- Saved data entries
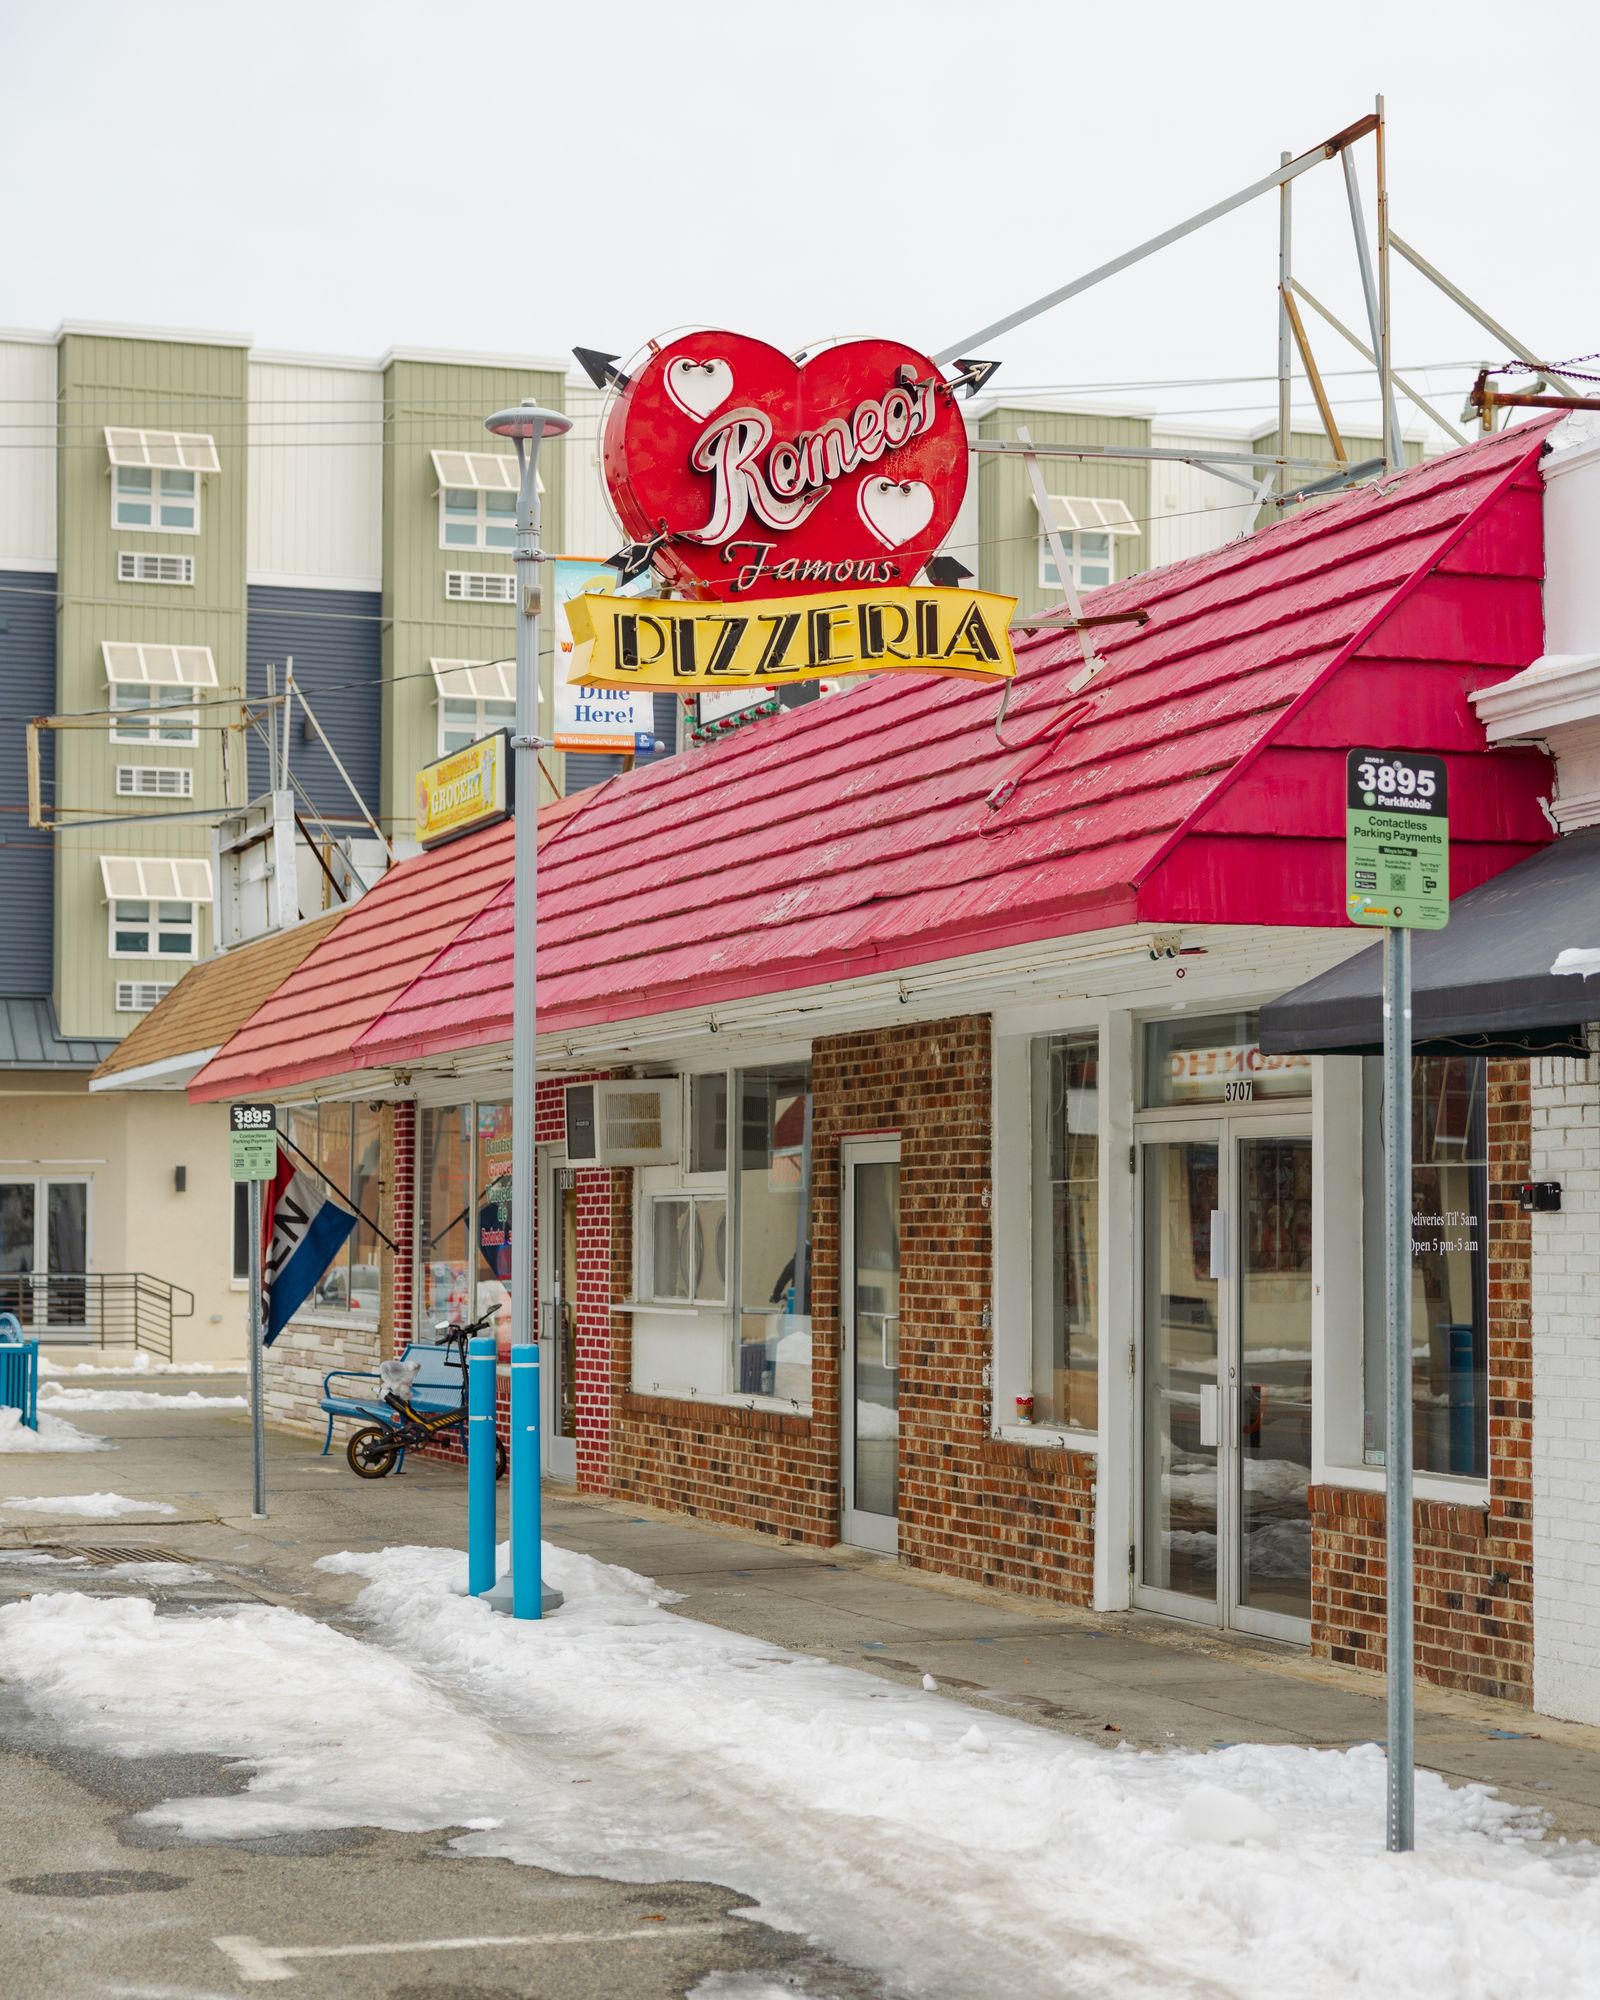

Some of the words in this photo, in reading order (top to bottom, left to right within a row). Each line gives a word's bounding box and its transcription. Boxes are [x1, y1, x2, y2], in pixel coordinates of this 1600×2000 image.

[676, 364, 937, 546] Romeo's
[721, 540, 895, 592] Famous
[613, 599, 1003, 677] PIZZERIA
[578, 685, 630, 701] Dine
[574, 704, 634, 723] Here!
[559, 736, 632, 746] WildwoodsNJ.com
[1357, 763, 1436, 797] 3895
[432, 772, 481, 815] GROCERY
[1377, 795, 1432, 810] ParkMobile
[1368, 816, 1428, 831] Contactless
[1354, 827, 1392, 841] Parking
[1393, 830, 1442, 844] Payments
[1225, 1082, 1252, 1102] 3707
[234, 1110, 271, 1123] 3895
[497, 1203, 508, 1222] de
[1460, 1212, 1478, 1226] 5am
[1432, 1238, 1438, 1251] 5
[1440, 1238, 1463, 1256] pm-5
[1464, 1240, 1479, 1251] am

- Problem description
Copy each record exactly. Leave any images out of the copy.

- Exercise result
Some of the words in this photo, in reading order (top to bottom, left to right within a row). Each line gives a word's bounding box and its transcription. Boxes are [x1, y1, x2, y2], in pixel coordinates of this 1600×2000 image.

[676, 364, 937, 546] Romeo's
[721, 540, 895, 592] Famous
[613, 599, 1003, 677] PIZZERIA
[578, 685, 630, 701] Dine
[574, 704, 634, 723] Here!
[559, 736, 632, 746] WildwoodsNJ.com
[1357, 763, 1436, 797] 3895
[432, 772, 481, 815] GROCERY
[1377, 795, 1432, 810] ParkMobile
[1368, 816, 1428, 831] Contactless
[1354, 827, 1392, 841] Parking
[1393, 830, 1442, 844] Payments
[1225, 1082, 1252, 1102] 3707
[234, 1110, 271, 1123] 3895
[497, 1203, 508, 1222] de
[1460, 1212, 1478, 1226] 5am
[1432, 1238, 1438, 1251] 5
[1440, 1238, 1463, 1256] pm-5
[1464, 1240, 1479, 1251] am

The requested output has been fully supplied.